In another contradiction pointed out by Vamsee Juluri, a professor of media studies at the University of San Francisco, these scholars insist that Hinduism wasn’t an organised religion until the 13th century but at the same time they reject “any changes that suggest that caste wasn’t rooted in religion.”
Juluri said that this group in “cruel irony” opposed including the names of Valmiki and Vyasa as the authors of Ramayana and Mahabharata because the text would have noted they were not Brahmins. But that would have contradicted the scholars’ beliefs about caste and birth.
“The scholars, it appears, would rather lose the chance for thousands of children to learn that the two greatest epics of Indian civilization were written by people born into lower-caste all in the name of empowering them,” he wrote in March this year.
To put it simply, the debate is complicated.
In another major development last week, the word “Dalit” disappeared altogether from some textbooks while one textbook retained the word “untouchable,” a term now considered a slur just like the N-word for African Americans, according to Dalit activist Soundararajan.

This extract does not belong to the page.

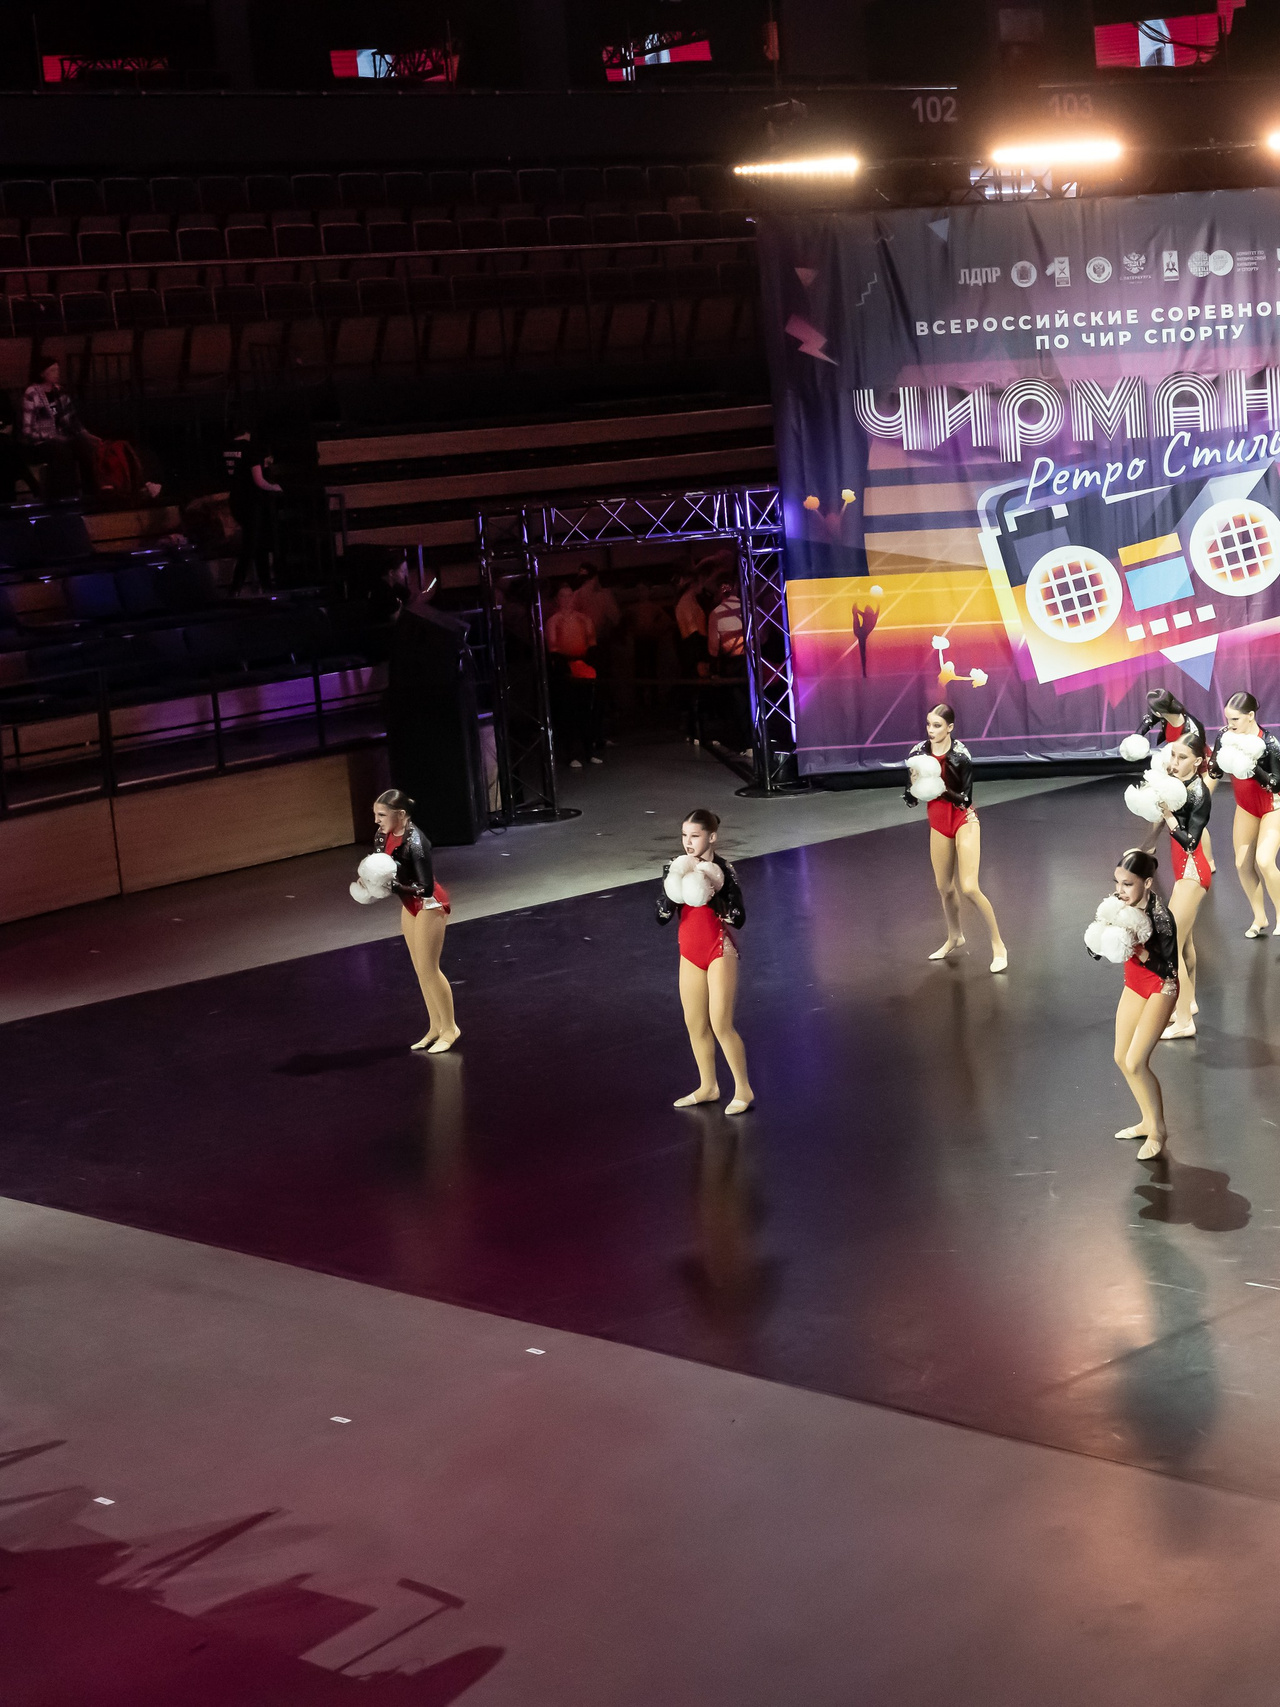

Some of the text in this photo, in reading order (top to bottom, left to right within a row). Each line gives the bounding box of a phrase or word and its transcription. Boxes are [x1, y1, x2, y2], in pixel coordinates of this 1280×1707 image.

School children will also learn that Hindus do not bother about caste anymore. A sentence, which attempted to explain the continuation of the caste system over millennia describing how millions of Hindus continue to observe the tradition of marrying within their caste, has been deleted from one of the textbooks.
But Shukla insists that roughly 30% of the sections on Hinduism and ancient India in textbook drafts contain discussions dedicated to caste. “Thus the assertion that caste or its history are being erased is simply not supported by facts,” she said. “Our diverse coalition, which has Hindus from all backgrounds, including Hindu Dalits, only asked that the complexity and evolution of caste be explained.”

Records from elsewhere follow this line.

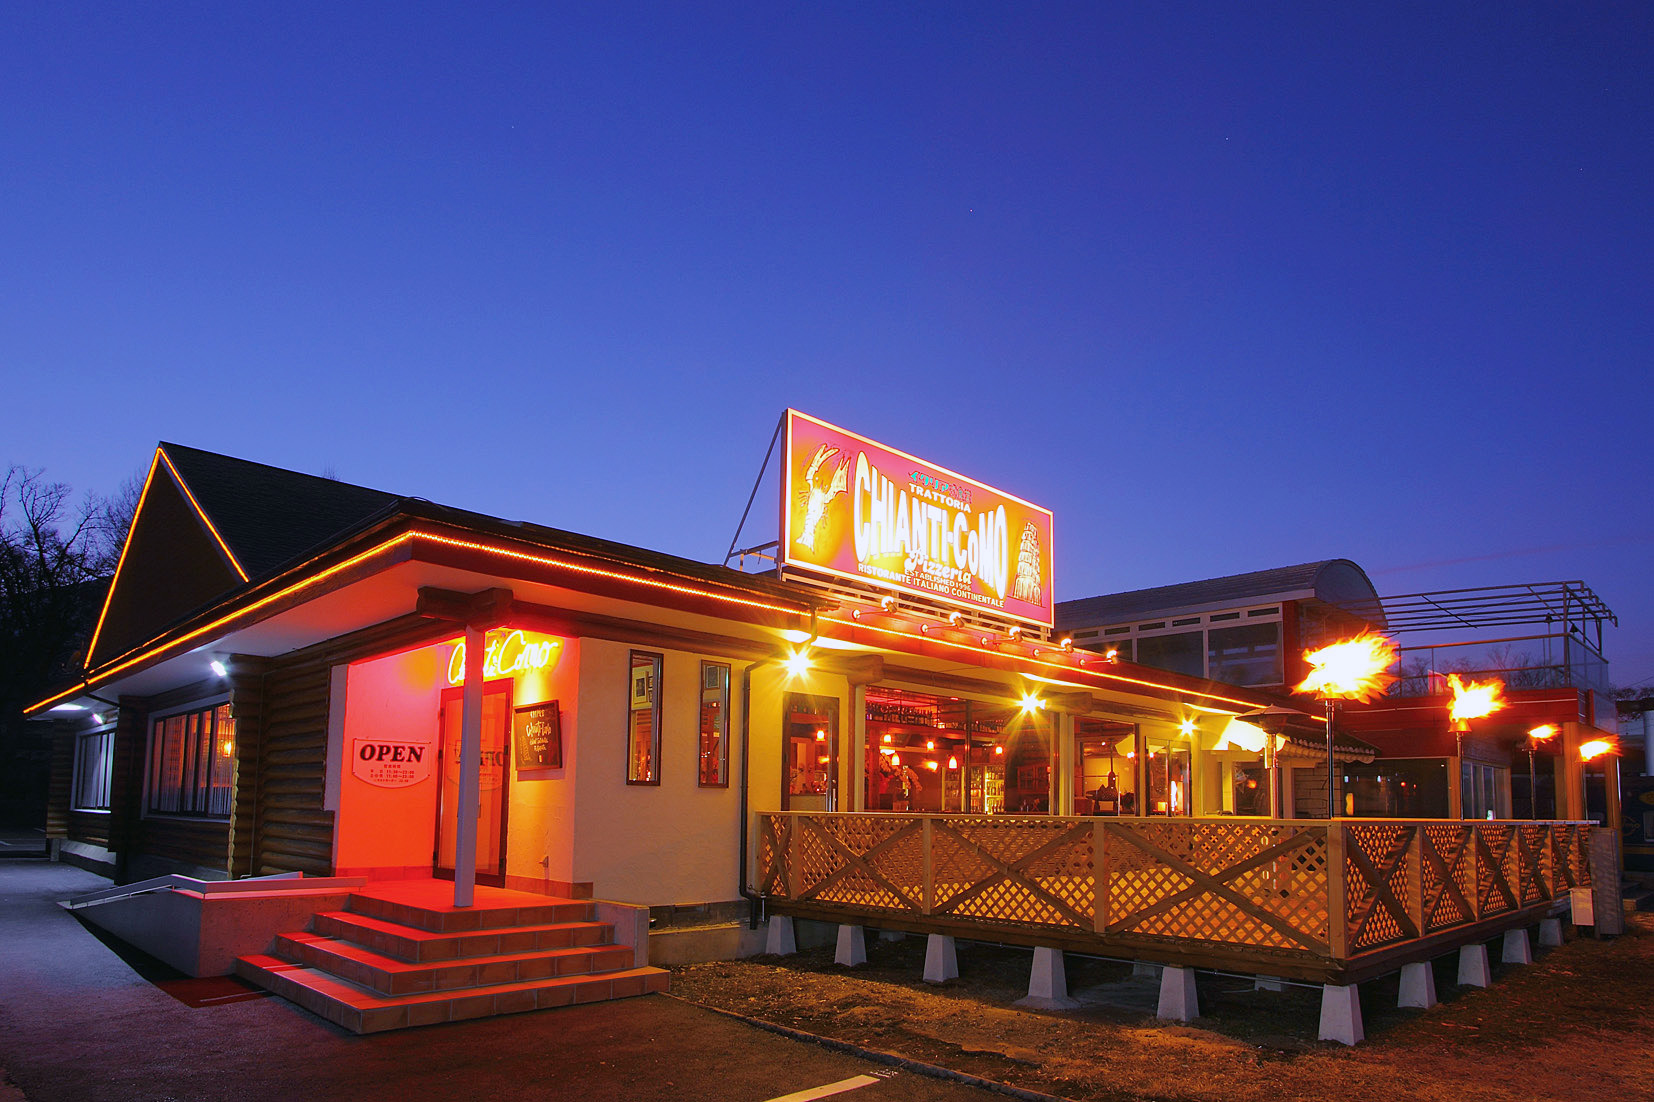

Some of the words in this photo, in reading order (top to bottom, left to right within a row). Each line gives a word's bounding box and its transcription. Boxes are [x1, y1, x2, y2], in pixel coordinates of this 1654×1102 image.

[909, 482, 972, 513] TRATTORIA
[904, 548, 972, 585] Pizzeria
[904, 568, 955, 587] ESTABLISHED
[858, 562, 912, 585] RISTORANTE
[913, 578, 950, 594] ITALIANO
[951, 588, 1005, 608] CONTINENTALE
[360, 744, 425, 763] OPEN

While Shukla may want to paint a positive picture, Hindu groups such as the HAF have tried to discredit Dalit activists as “Christian missionaries” during the textbook campaign. The Internet is a cruel reality check.
Soundararajan, an impressive spokesperson for her side, calls Shukla’s group “an angry mob” that browbeat the Board. “The Board got suckered into it. One member in the end called it a “family dispute” which it clearly it is not.” She is enraged that the “structured interventions by 100 South Asia scholars” from SAHFA lost out to HEF activists, many of whom are computer engineers who claim scholarship just because they might have self-published a book. The Board by treating the two sides as equals created “parity” between two unequal groups, she said, an equation that clearly hurt.

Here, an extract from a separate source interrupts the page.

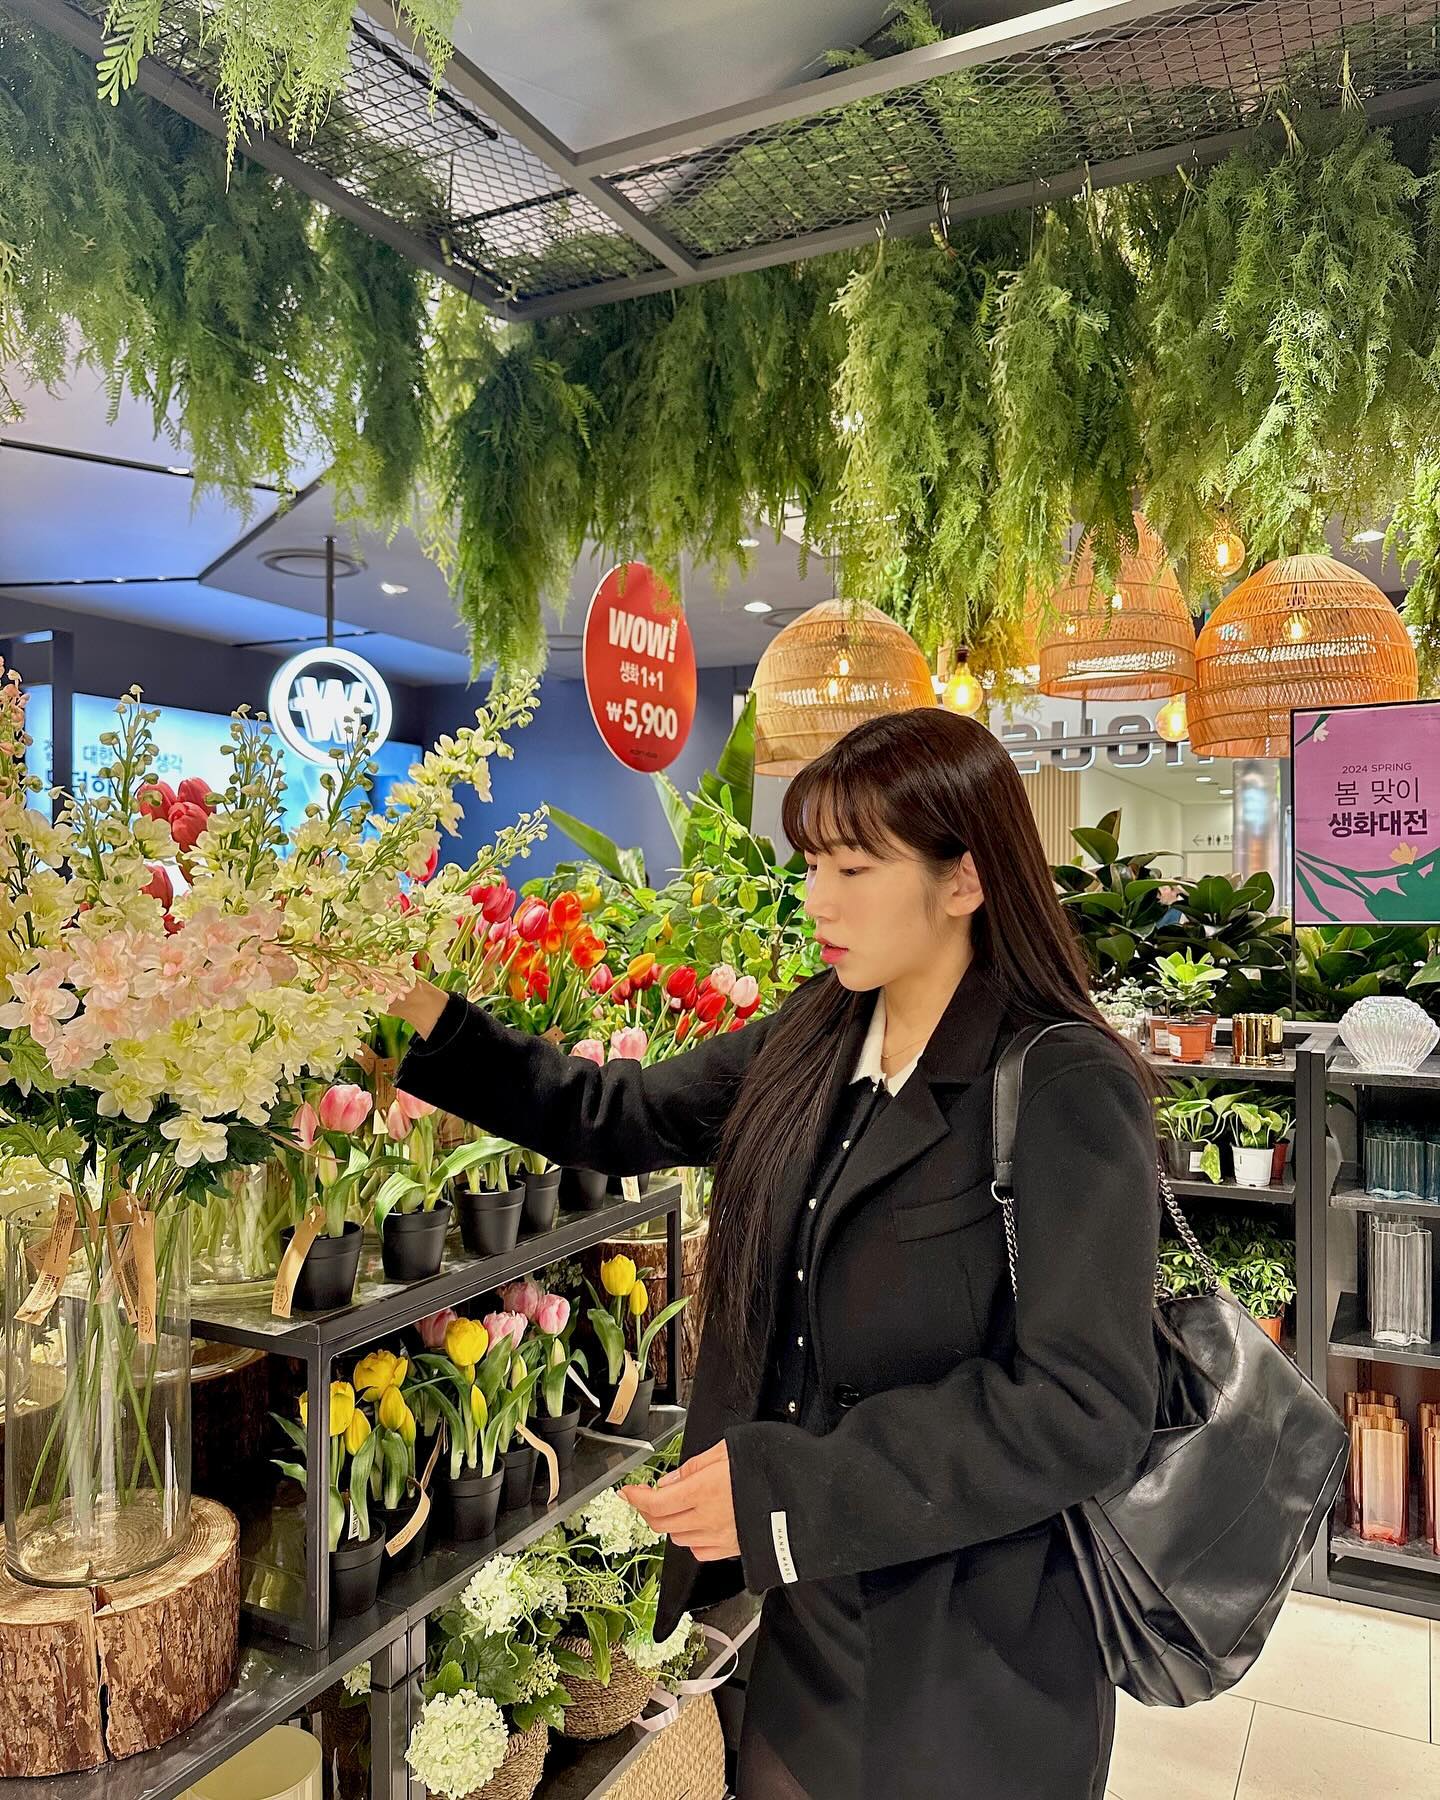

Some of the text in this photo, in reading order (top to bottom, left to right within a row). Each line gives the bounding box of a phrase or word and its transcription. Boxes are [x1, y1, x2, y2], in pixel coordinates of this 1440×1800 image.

“The Hindu fundamentalists’ message is clear: if you cross us, we will intimidate you. What’s dangerous to the Hindu eco-system is that we have the facts. They are making a mistake if they think we are going to roll over. California is considered the Blue (Democratic Party) wall,” she said, adding that her group was exploring legal options. “We will expose them as right-wing forces. They present themselves as neutral, as bearers of yoga but they want to Hindu-fy Sikhism and Buddhism. They want to portray Islam only in the context of the narrative of conquest.”
If all this sounds familiar, it’s because it is. The trials and tribulations of modern India and especially present-day India are partly informing the debate on ancient India. The distrust and distance among various Indian American groups has grown enormously since Narendra Modi became the prime minister.
Multiply the distrust and the uber confidence of Hindu groups by political correctness infecting American university campuses and you have a chasm that will not be bridged. Both may want a layered, nuanced portrayal of India and Hinduism in the end but what should be the composition of that picture eludes them.
If the Hindu right is adamant and boorish, the Left is insular and out of touch with what resonates with a vast number of people and why. But this is not the first time, nor will it be the last when sensible solutions will be deliberately avoided. And all on the backs of sixth grade students.
Seema Sirohi is a Washington DC-based commentator.